Tuesday, August 17, 2021

What is Anglicanism? Mission article 10 of 12

During the Second World War allied pilots that were downed in the Melanesian Islands of the Pacific were initially fearful of the native people.  The natives were lightly clothed, carried primitive tools, and with uncut hair matched the stereotypes learned in grade school about savages.  The Allies were surprised to find the Melanesians were a very gentle people, who took them in, bandaged their wounds, and hid them from the Japanese.  These Melanesians were Christian and were the legacy of Anglican Missionaries in the previous century. 

In 1841 at the age of 14, John Coleridge Patteson was inspired by the Bishop to New Zealand, George Augustus Selwyn.  Patteson set a course toward ministry and missions to the other side of the world.  He committed his life to ordained ministry and in 1853 made his way to the missionary regions of New Zealand under the episcopacy of Selwyn. 

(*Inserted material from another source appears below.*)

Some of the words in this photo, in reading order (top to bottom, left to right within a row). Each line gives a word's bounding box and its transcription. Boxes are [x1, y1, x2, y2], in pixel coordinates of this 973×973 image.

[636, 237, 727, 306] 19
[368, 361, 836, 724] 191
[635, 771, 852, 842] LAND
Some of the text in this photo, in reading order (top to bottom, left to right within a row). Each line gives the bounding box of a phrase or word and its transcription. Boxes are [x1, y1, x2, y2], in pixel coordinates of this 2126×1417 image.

Building schools, he focused on the education of the young.  That primitive setting was plagued with various diseases. So, at times a school cafeteria became a hospital from which he would later bury adults and children alike.  He cared for them all.  Expanding his ministry with a boat dubbed the Southern Cross his journey brought him to the Loyalty Islands where he quickly befriended native peoples communicating in 30 different languages, fluent in 5 or 6.  He was known as a friend to all the people, and one who came from a Christian caring community.

Upon Selwyn’s call to the Bishopric of Lichfield, Patteson took his place as bishop of New Zealand.  Along with his episcopal duties he continued his island hopping campaigns through1871 when he landed on the island of Nukapu.  In an optimistic letter penned to Selwyn the night before landing he expressed his hope that the opportunity would finally open for this island to hear the gospel.  Bishop Patteson was killed the next day, not for preaching the gospel but rather as retribution for an unrelated labor kidnapping from the island of Fiji.  Almost a hundred years later the church he established was still thriving and ministering.

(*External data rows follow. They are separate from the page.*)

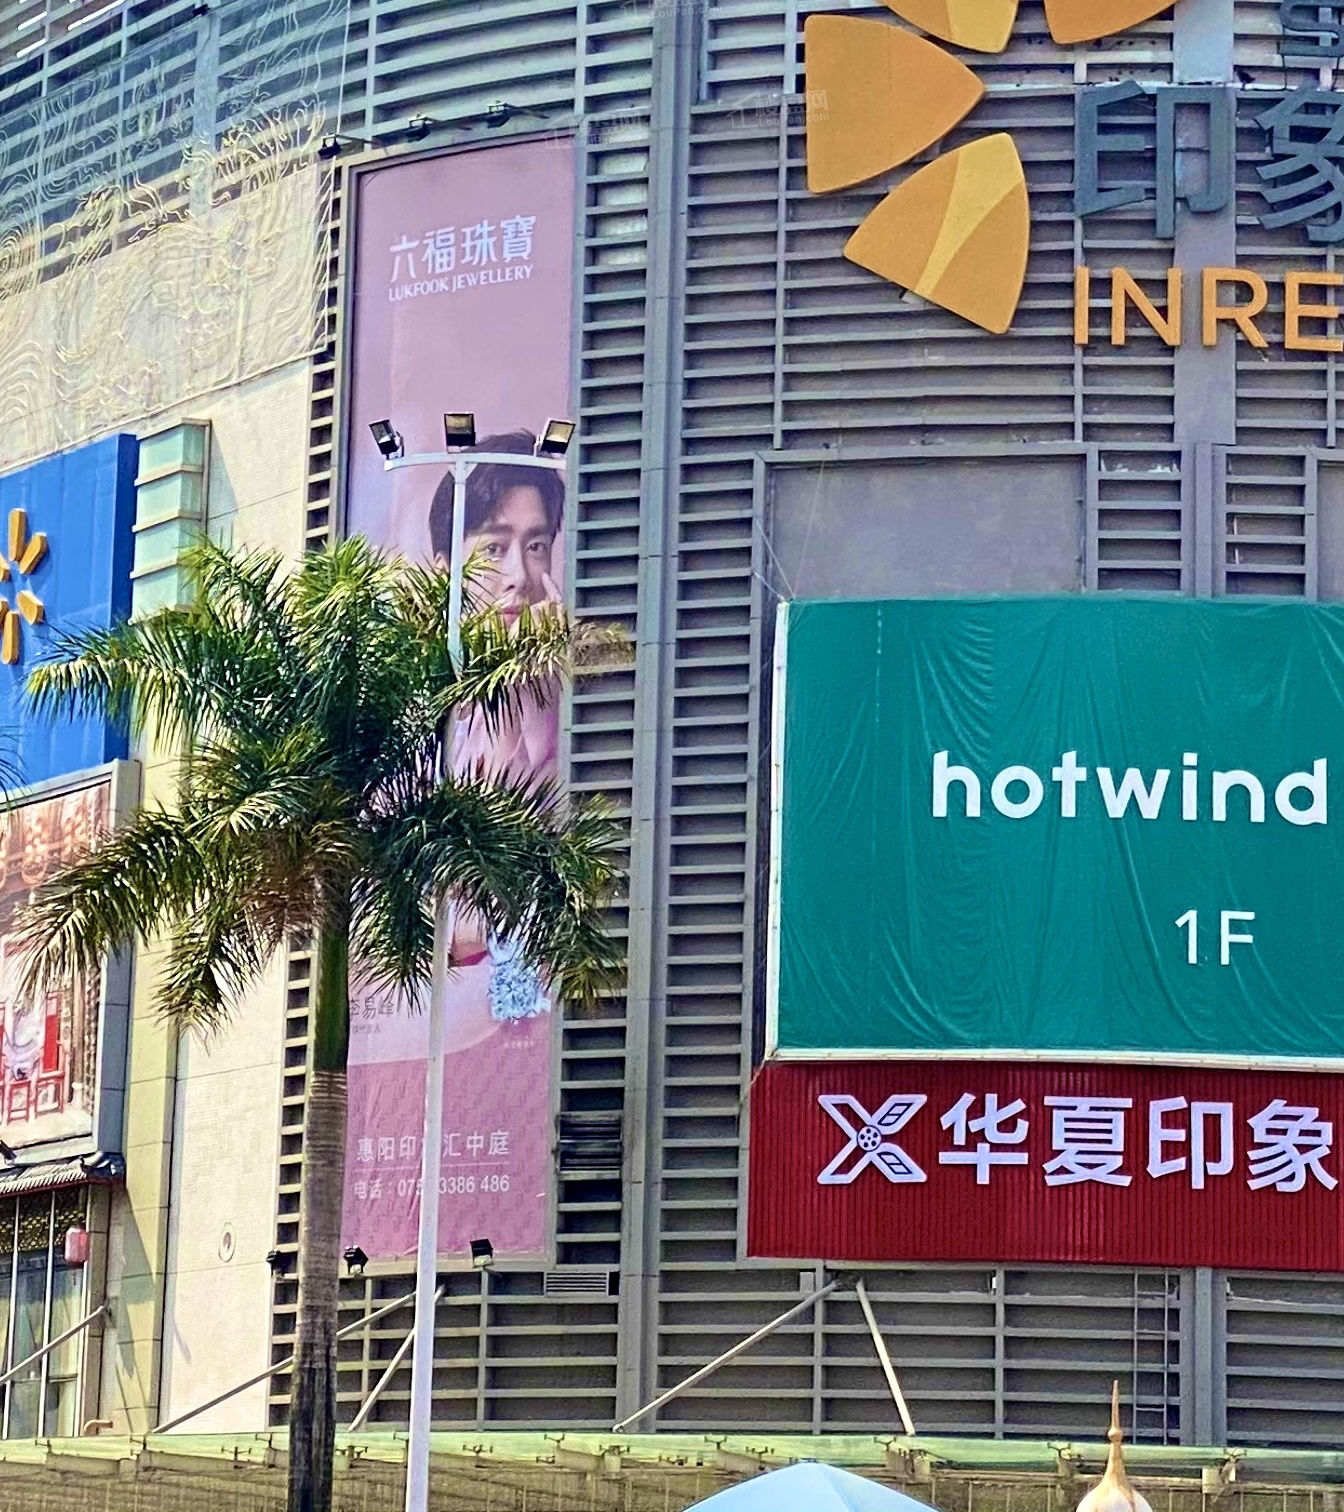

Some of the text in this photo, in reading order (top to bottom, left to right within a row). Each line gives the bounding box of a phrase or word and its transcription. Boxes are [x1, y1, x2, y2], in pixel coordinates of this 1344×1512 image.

[389, 214, 537, 283] 六福珠寶
[388, 264, 534, 302] LUKFOOK JEWELLERY
[932, 750, 1328, 825] hotwind
[1175, 910, 1256, 966] 1F
[356, 1130, 510, 1163] 惠阳印汇中庭

Patteson was one of many Anglican missionaries who brought the gospel to various new peoples: Patrick to the Irish, Boniface to the Germans, Willibrord to the Frisians to name a few. “The British are a traveling people.”

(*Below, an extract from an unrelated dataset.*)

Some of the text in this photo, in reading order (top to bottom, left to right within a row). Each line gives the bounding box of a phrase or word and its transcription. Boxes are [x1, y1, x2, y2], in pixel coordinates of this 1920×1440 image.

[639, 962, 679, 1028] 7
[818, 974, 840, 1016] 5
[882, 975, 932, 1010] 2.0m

After the Reformation, Missions in the Anglican tradition took two main pathways, one to the British dispersion and two, through Missionary Societies.   Missionaries to the British dispersion function still today in traditional ways as parish priests working to grow English speaking congregation in Europe, the Americas, and the other habitable continents.  On the other hand, missionary societies were established to target various regions and populations of non-Anglo groups in Africa, South America, Asia, and Oceana.  These Anglican groups distinguished themselves as high and low churchmanship, Protestant and Anglo-Catholic.

In 1837 The Episcopal Church in the United States dispelled with the complexities of multiple missionary societies naming itself The Domestic and Foreign Missionary Society of the Protestant Episcopal Church of the United States.  It’s first missionaries were sent to Persia where a small Anglican community existed up to 1979 when the Islamic Revolution outlawed Christianity.  Their witness has added to the count of martyrs in recent decades.  The visible church along with its bishop is currently in exile. 

Missionary work in the Anglican tradition is about bringing the Gospel of Jesus Christ to people in need.  Missionary work uses temporal needs as a medium for the message of salvation through Jesus.